### INSTRUCTIONS FOR THE TASK
Could every line below be transcribed exactly, with the pictures dropped?
= Beginning of Section =
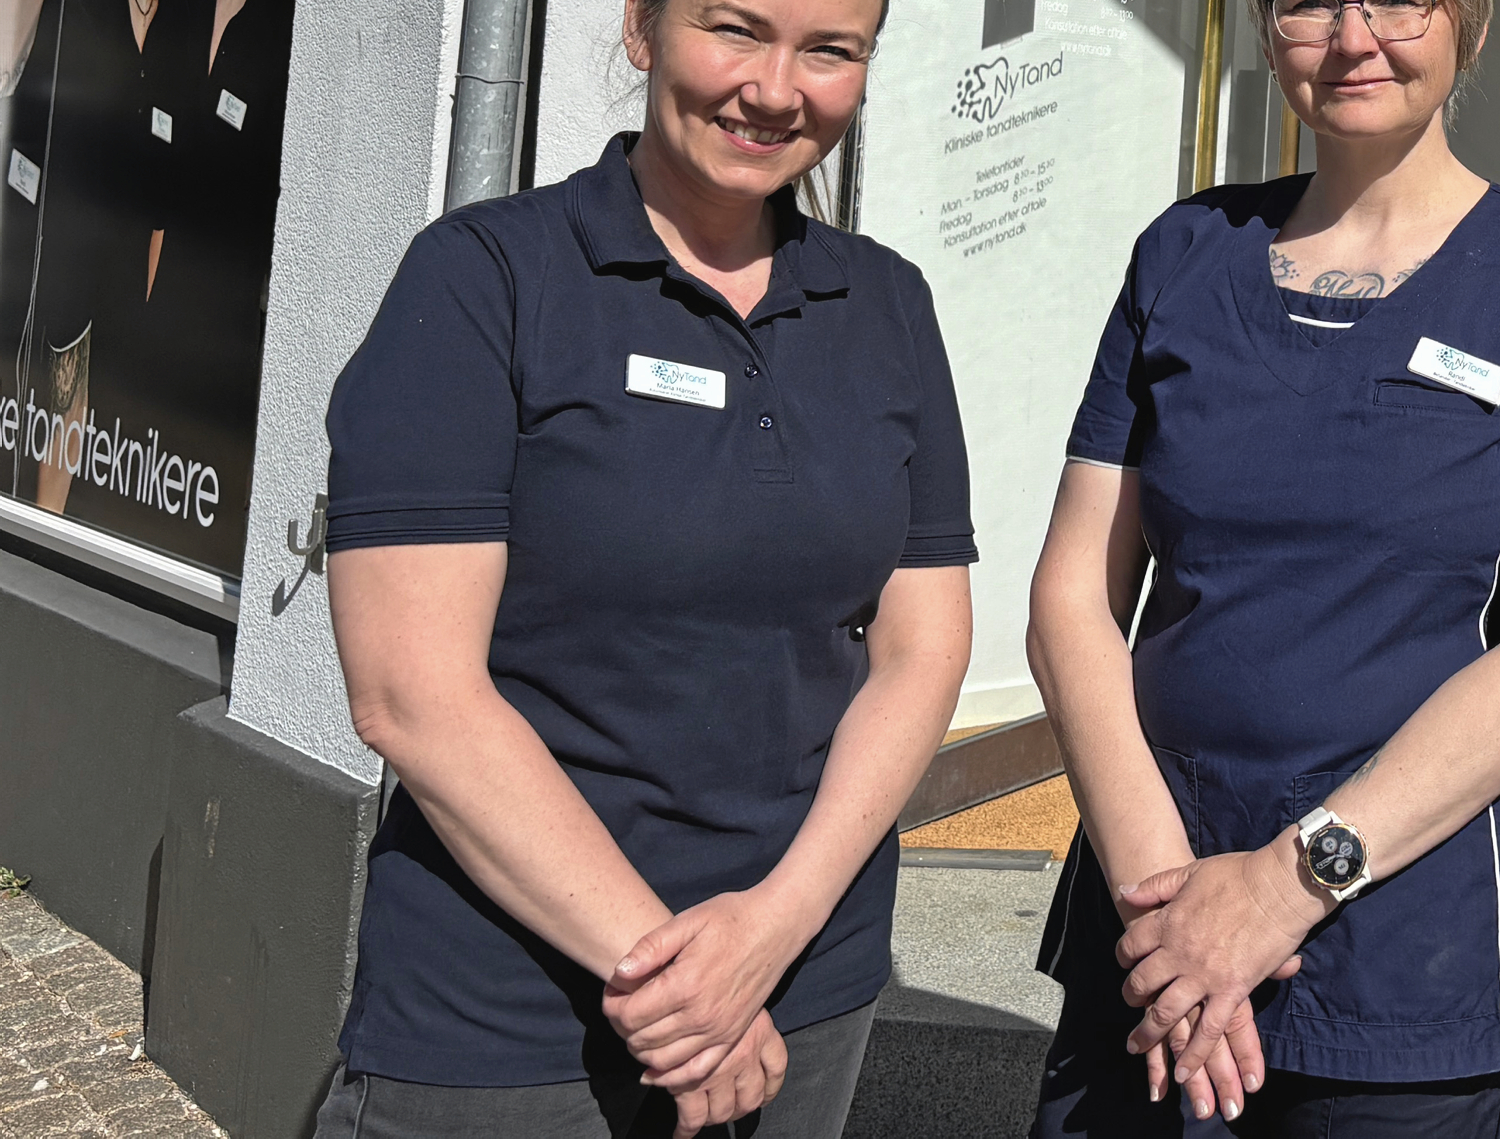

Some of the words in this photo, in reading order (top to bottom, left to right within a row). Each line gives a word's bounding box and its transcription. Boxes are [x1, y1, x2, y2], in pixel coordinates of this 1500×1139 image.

[994, 51, 1063, 99] NyTand
[944, 129, 984, 155] Kliniske
[986, 101, 1058, 139] tandteknikere
[671, 370, 707, 385] NyTand
[1454, 358, 1490, 377] NyTand
[24, 388, 220, 528] tandteknikere
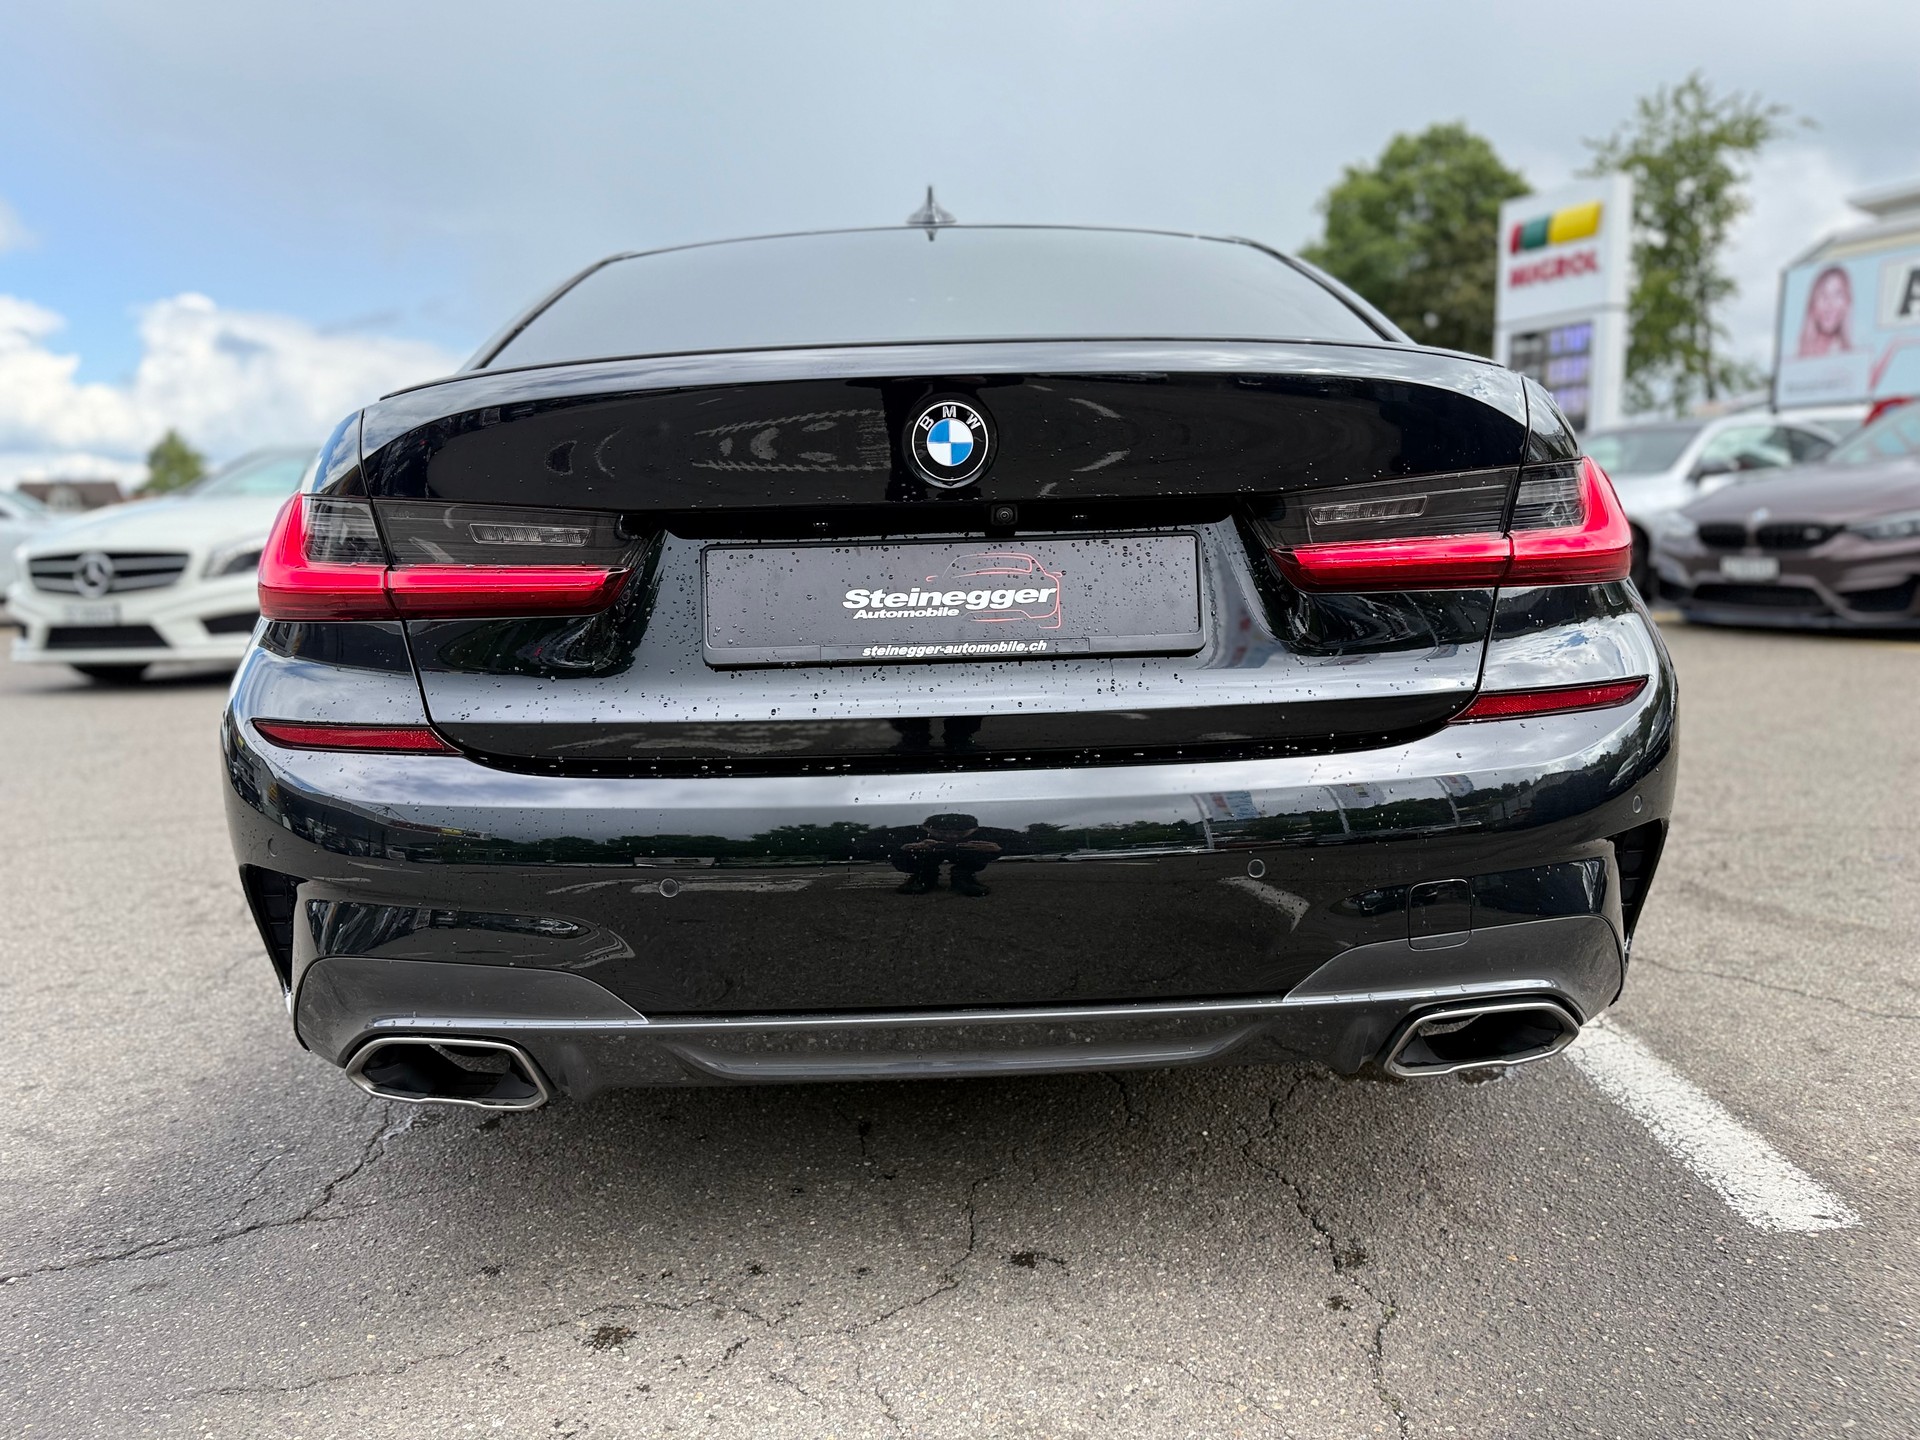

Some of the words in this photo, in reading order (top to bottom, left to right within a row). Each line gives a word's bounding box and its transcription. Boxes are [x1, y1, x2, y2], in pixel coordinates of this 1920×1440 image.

[919, 405, 981, 431] BMW
[842, 587, 1057, 610] Steinegger
[853, 606, 960, 619] Automobile
[862, 640, 1047, 657] steinegger-automobile.ch
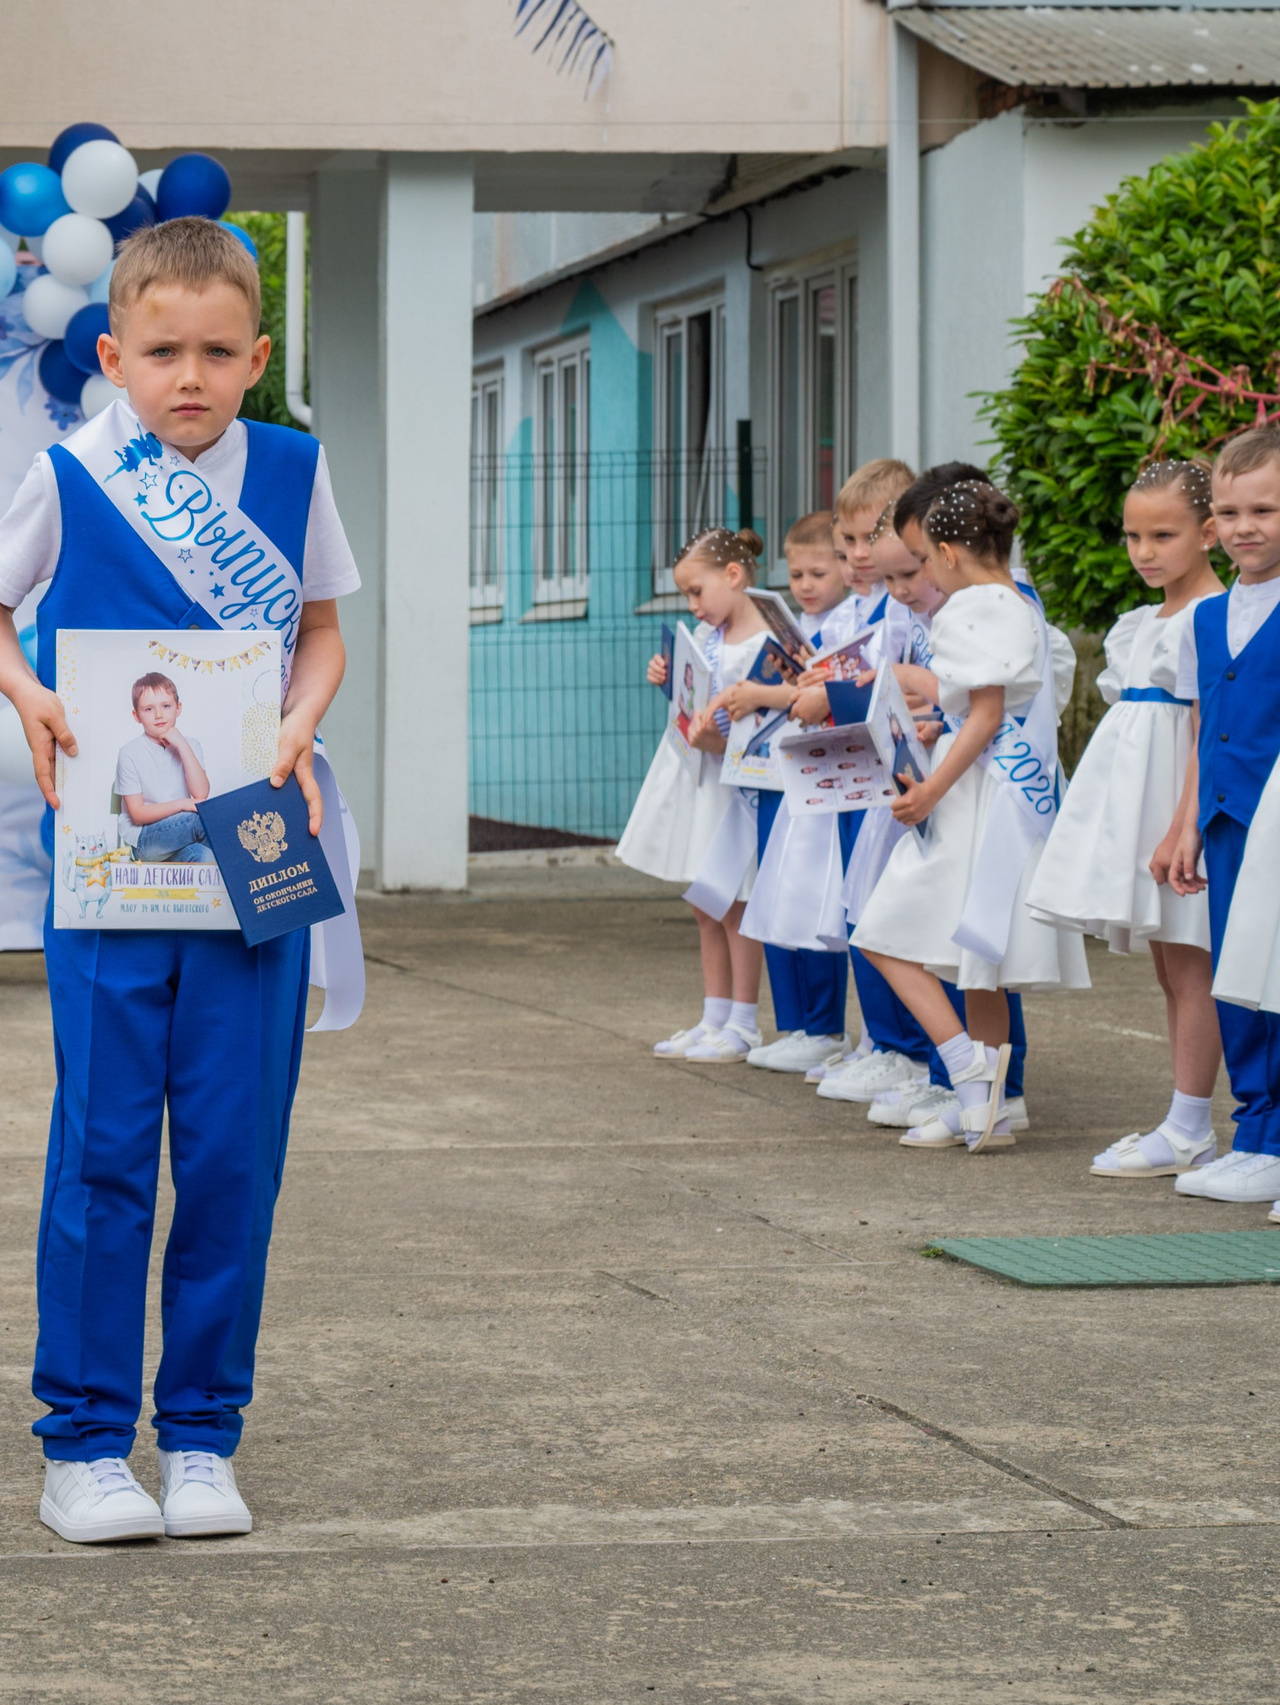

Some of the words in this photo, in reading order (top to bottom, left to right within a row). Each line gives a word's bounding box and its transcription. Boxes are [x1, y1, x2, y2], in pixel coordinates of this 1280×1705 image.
= End of Section =
### ANSWER FOR THIS EXERCISE
Some of the words in this photo, in reading order (top to bottom, left to right within a row). Each line gives a word's bounding box and its transcription. Boxes are [x1, y1, x2, y2], in pixel coordinates of this 1500×1139 image.

[994, 51, 1063, 99] NyTand
[944, 129, 984, 155] Kliniske
[986, 101, 1058, 139] tandteknikere
[671, 370, 707, 385] NyTand
[1454, 358, 1490, 377] NyTand
[24, 388, 220, 528] tandteknikere

Some of the words in this photo, in reading order (top to bottom, left to right within a row). Each line gives a word's bounding box and its transcription. Boxes are [x1, y1, x2, y2], in pixel coordinates of this 1920×1440 image.

[919, 405, 981, 431] BMW
[842, 587, 1057, 610] Steinegger
[853, 606, 960, 619] Automobile
[862, 640, 1047, 657] steinegger-automobile.ch

Some of the words in this photo, in reading order (top to bottom, left to right within a row). Each line gives a word's bounding box and its transcription. Boxes are [x1, y1, x2, y2], in pixel coordinates of this 1280×1705 image.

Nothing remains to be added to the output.